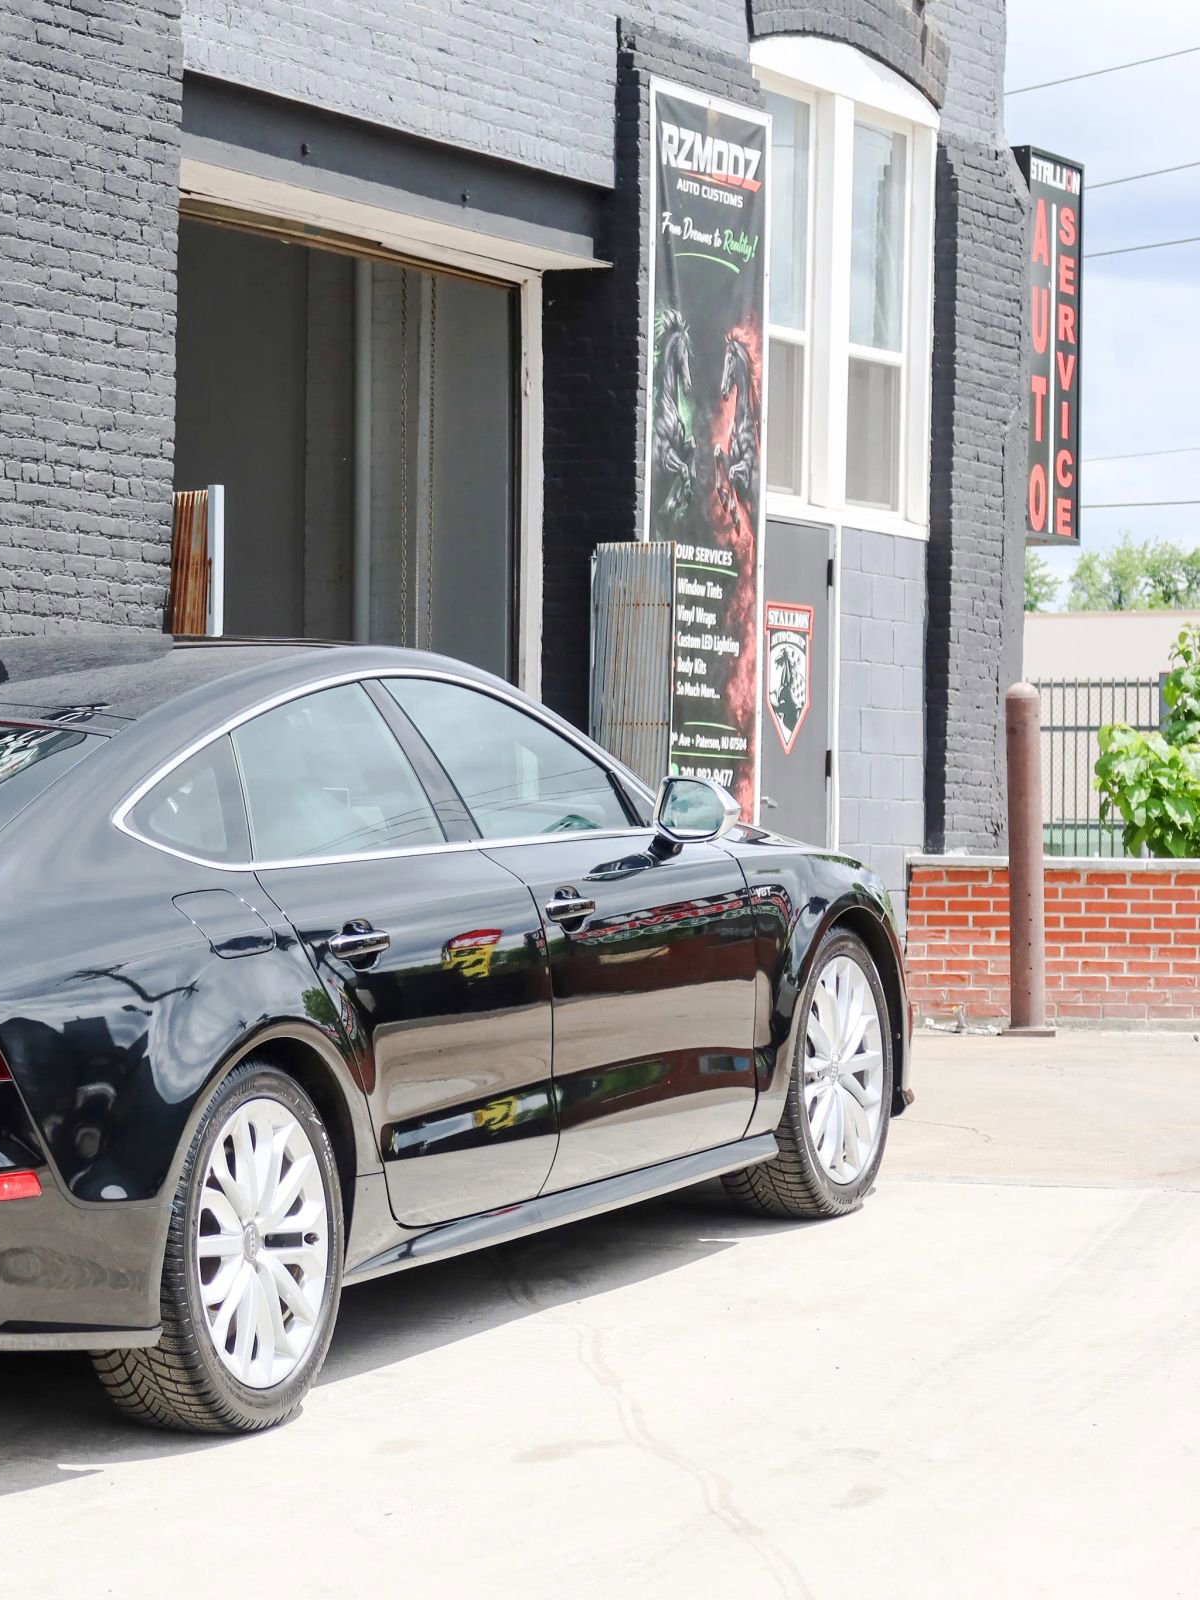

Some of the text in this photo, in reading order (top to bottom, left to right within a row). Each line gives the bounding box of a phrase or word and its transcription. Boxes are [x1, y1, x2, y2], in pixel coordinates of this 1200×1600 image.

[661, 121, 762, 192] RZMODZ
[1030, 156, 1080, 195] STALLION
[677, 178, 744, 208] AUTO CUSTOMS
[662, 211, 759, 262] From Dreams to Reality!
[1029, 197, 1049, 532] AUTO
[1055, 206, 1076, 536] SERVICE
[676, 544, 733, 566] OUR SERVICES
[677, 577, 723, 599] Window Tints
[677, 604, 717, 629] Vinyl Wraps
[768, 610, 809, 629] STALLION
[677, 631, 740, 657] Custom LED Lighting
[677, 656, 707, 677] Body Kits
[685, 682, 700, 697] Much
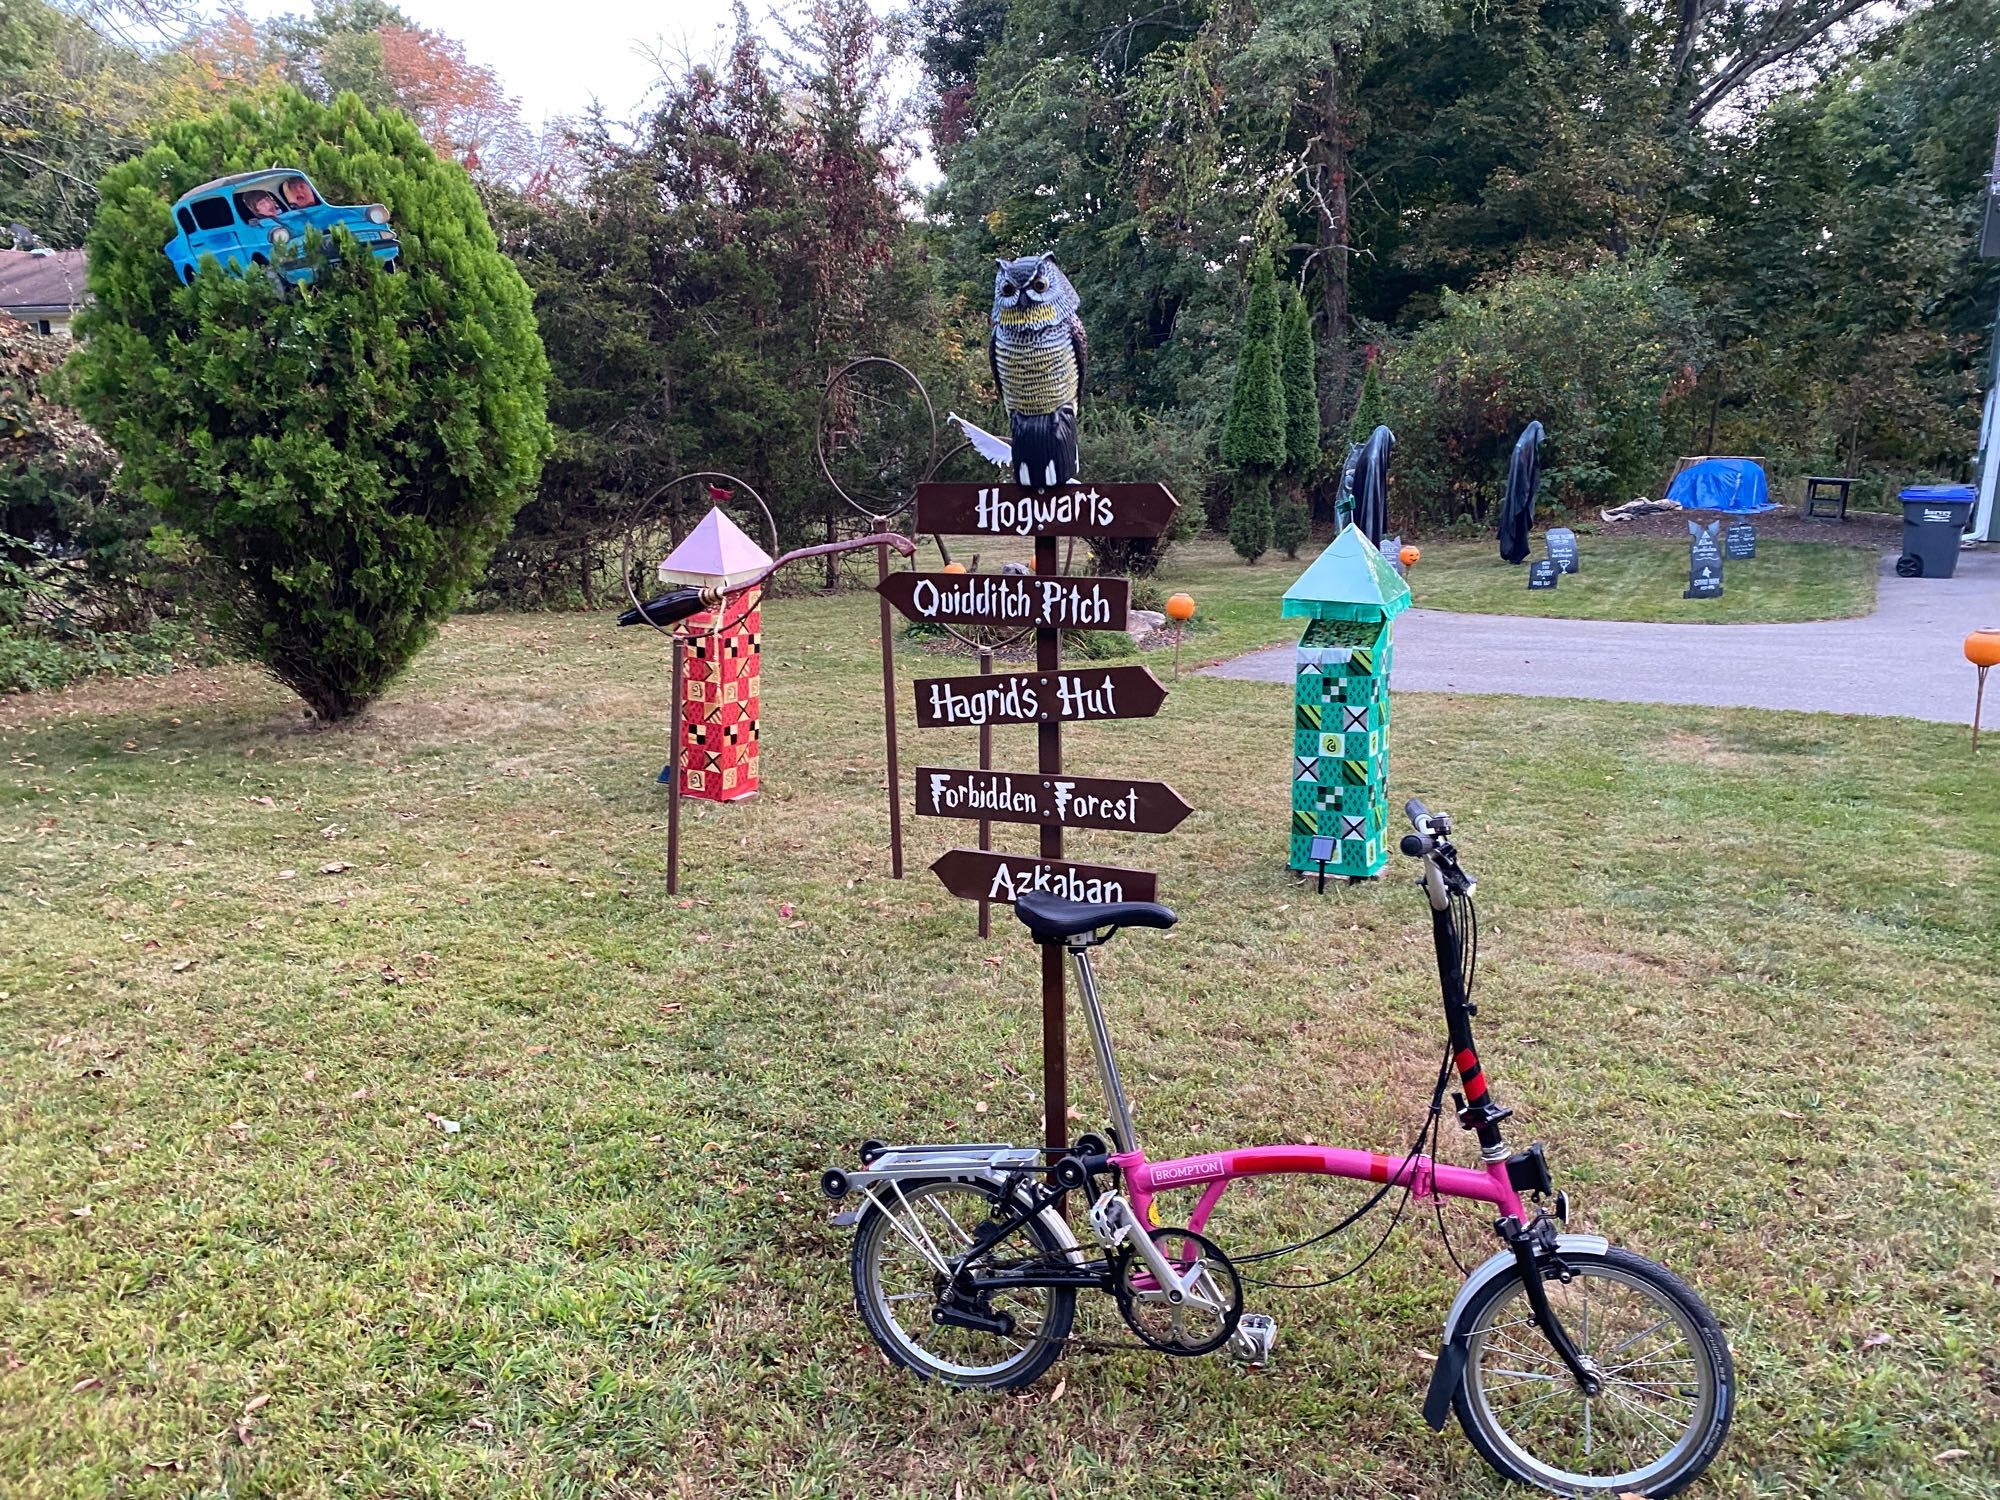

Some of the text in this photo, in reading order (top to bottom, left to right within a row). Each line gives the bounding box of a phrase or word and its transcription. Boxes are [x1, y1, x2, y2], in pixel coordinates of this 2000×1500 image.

☆ ☆ ☆

- **INSTRUCTIONS FOR THE TASK**
Without the pictures, give all of the entries above again exactly.

- **ANSWER TO THIS PROBLEM**
Some of the text in this photo, in reading order (top to bottom, left to right within a row). Each line gives the bounding box of a phrase or word and its transcription. Boxes are [x1, y1, x2, y2], in pixel coordinates of this 1200×1600 image.

[661, 121, 762, 192] RZMODZ
[1030, 156, 1080, 195] STALLION
[677, 178, 744, 208] AUTO CUSTOMS
[662, 211, 759, 262] From Dreams to Reality!
[1029, 197, 1049, 532] AUTO
[1055, 206, 1076, 536] SERVICE
[676, 544, 733, 566] OUR SERVICES
[677, 577, 723, 599] Window Tints
[677, 604, 717, 629] Vinyl Wraps
[768, 610, 809, 629] STALLION
[677, 631, 740, 657] Custom LED Lighting
[677, 656, 707, 677] Body Kits
[685, 682, 700, 697] Much

Some of the text in this photo, in reading order (top to bottom, left to right within a row). Each line gives the bounding box of a phrase or word and its transcription. Boxes are [x1, y1, x2, y2], in pixel coordinates of this 2000×1500 image.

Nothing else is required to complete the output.